If you’re not investing time and money in designing a workspace that engages your employees, you’re losing out on both worker satisfaction and productivity — productivity that can be dragged down by as much as 20%. If you’re in need of a worker-focused redesign strategy, here are seven workspace design tips to improve your environment.
When it comes to health, sitting is the new smoking. Workers who sit for long periods of time have an increased risk of heart disease and other chronic health conditions. You’ve probably felt it with “tech neck” or wrist pains from typing too much. This makes ergonomics crucial to the best office designs, whether it means investing more in special computer chairs for workers who prefer sitting — the Herman Miller Aeron is a popular choice — or introducing adjustable monitors and desks for those who prefer to spend more time standing. Without the distractions of physical discomfort, ergonomically minded offices can increase productivity by over 20% and reduce losses in workdays by 75%.
2. Pockets of Privacy
Collaborative spaces can do a lot to encourage creativity, but sometimes people work best when they have some private crunch time to focus on their own tasks. Research has shown that people are more productive when in private, and the negative effect of disruption and noise on workers that needed privacy outweighed any positive benefits of a common space. Fortunately, there are numerous ways to ensure isolation and privacy for employees who need it, whether it’s in the form of soundproof rooms or liminal nap pods.
3. Visualized Values
Big tech giants and their mini-city campuses might be at the cutting edge of workspace design, but you don’t always need a long list of perks and amenities to make your space reflect well on your company. They certainly help, but the bigger picture involves something more personality-driven in design. In short, the entire space should also serve as a reflection of your company’s values, visions, and ideas. A company that makes stylish products can reinforce their aesthetic and create a striking first impression with interior design that matches their visual language. A long-running business can draw from and fuse elements from decades of history. And even something simple as a subtle use of branding colour schemes can instill that sense of values. It all depends on your company’s outlook; feel free to consult our portfolio for a wide range of examples.

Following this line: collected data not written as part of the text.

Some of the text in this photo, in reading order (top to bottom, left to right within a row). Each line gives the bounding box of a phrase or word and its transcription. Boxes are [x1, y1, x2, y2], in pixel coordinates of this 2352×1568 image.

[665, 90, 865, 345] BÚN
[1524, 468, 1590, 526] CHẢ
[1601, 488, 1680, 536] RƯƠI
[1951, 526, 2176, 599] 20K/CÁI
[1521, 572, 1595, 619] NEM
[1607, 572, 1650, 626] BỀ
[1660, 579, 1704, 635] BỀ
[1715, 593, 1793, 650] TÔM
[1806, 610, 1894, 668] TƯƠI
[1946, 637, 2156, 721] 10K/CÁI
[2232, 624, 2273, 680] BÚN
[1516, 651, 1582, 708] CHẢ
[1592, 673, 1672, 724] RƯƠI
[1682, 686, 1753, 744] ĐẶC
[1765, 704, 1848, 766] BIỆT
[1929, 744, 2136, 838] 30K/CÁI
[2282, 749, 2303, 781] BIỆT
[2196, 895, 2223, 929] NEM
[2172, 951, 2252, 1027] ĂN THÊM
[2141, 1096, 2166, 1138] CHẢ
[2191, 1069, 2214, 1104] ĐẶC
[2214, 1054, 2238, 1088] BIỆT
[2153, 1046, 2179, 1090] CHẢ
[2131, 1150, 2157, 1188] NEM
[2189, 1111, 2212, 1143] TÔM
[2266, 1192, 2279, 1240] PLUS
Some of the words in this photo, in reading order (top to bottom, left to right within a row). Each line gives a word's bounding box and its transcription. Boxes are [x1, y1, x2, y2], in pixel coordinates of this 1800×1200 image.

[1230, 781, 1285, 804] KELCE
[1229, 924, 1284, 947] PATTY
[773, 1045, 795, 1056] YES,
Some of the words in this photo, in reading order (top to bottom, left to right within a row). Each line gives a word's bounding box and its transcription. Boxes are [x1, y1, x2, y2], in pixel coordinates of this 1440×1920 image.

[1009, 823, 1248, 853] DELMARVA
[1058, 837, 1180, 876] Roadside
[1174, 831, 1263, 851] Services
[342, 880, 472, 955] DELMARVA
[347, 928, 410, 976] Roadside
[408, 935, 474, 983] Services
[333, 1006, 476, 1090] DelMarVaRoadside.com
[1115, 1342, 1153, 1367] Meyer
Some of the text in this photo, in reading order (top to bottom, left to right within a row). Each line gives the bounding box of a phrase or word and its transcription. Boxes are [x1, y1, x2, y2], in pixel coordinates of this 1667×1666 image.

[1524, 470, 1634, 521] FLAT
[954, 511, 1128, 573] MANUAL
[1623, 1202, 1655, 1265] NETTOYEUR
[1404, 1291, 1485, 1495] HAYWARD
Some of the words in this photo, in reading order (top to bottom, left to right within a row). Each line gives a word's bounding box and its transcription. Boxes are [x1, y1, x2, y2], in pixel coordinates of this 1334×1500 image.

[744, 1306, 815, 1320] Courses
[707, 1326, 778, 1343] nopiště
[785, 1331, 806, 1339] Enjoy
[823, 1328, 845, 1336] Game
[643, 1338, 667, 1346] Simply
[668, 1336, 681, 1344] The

4. Cutting Edge Technology
Employee engagement also means knowing just who you’re engaging. And with millions of baby boomers undergoing a retirement wave, paired with a trendline in members of Gen Z graduating college and entering the workforce, it helps to see that generational shift as an opportunity to keep your technology up to date. Younger workers are digital natives, using tech in ways that are versatile and deeply integrated into their work and daily lives. This means that tech should be savvily integrated into the workspace, not as an obtrusion or a novelty, but as an integral part of the office culture and its physical space. This is especially important with the advent of wider-spread Working From Home culture, where video conferencing, cams, and projectors are key to making the WFH experience as seamless as possible for both at-home and in-office workers.
5. Lots of Light
Again, the Harvard Business Review has spoken. Employees’ needs for natural light actually outranked their needs for amenities like onsite daycare or cafeterias. That means keeping your office well-lit is an efficient and beneficial highlight of your workspace’s design. It’s not just about turning up the bulbs, either: large windows and south-facing orientations take advantage of natural light. The same goes for layout, as airy central areas that let in lots of outside illumination can become energizing collaborative spaces. There’s health at stake, too: workers that were exposed to some amount of natural daylight reported decreased eyestrain and headaches, as well as improvement in their mood. Over a third of workers surveyed in America reported that they don’t get enough natural light, so evaluating your in-office space should factor in the possible need for a plan to include more lighting options for the next year.
6. Foster Health
Many of these tips overlap with an important theme: the fostering of employees’ health and wellbeing. Improved ergonomics and natural light are some of the more familiar options, but you can also have a profound influence on worker productivity by using colour theory. Colours like blue engender feelings of calm, shades of red engender aggression, and green hues can evoke optimism and compassion. It’s beneficial to choosing colours for your space that evoke your company’s culture while leaving your employees in a positive mood. Other more utilitarian design elements can encourage other healthy habits — filtered water coolers or beverage-stocked kitchenettes to encourage hydration, for example, or menu plans to promote healthier eating. And ensure that the air quality in the office is top-notch as well. The Occupational Safety and Health Organization estimates that employers lost billions from worker inefficiencies and sick leave caused by poor office air quality.
7. Green It Up
There’s another time-tested way to instill that green feeling of optimism and compassion in your employees while simultaneously improving workplace air quality. In fact, it might be the oldest tip in the book: plants have been central to making offices feel welcoming for ages, and have become just as integral to the workplace environment as telephones and file cabinets. At the end of the day, plants are beautiful and calming. They make a great first impression on any visitors to your workplace and provide mood and productivity boosts to your working employees.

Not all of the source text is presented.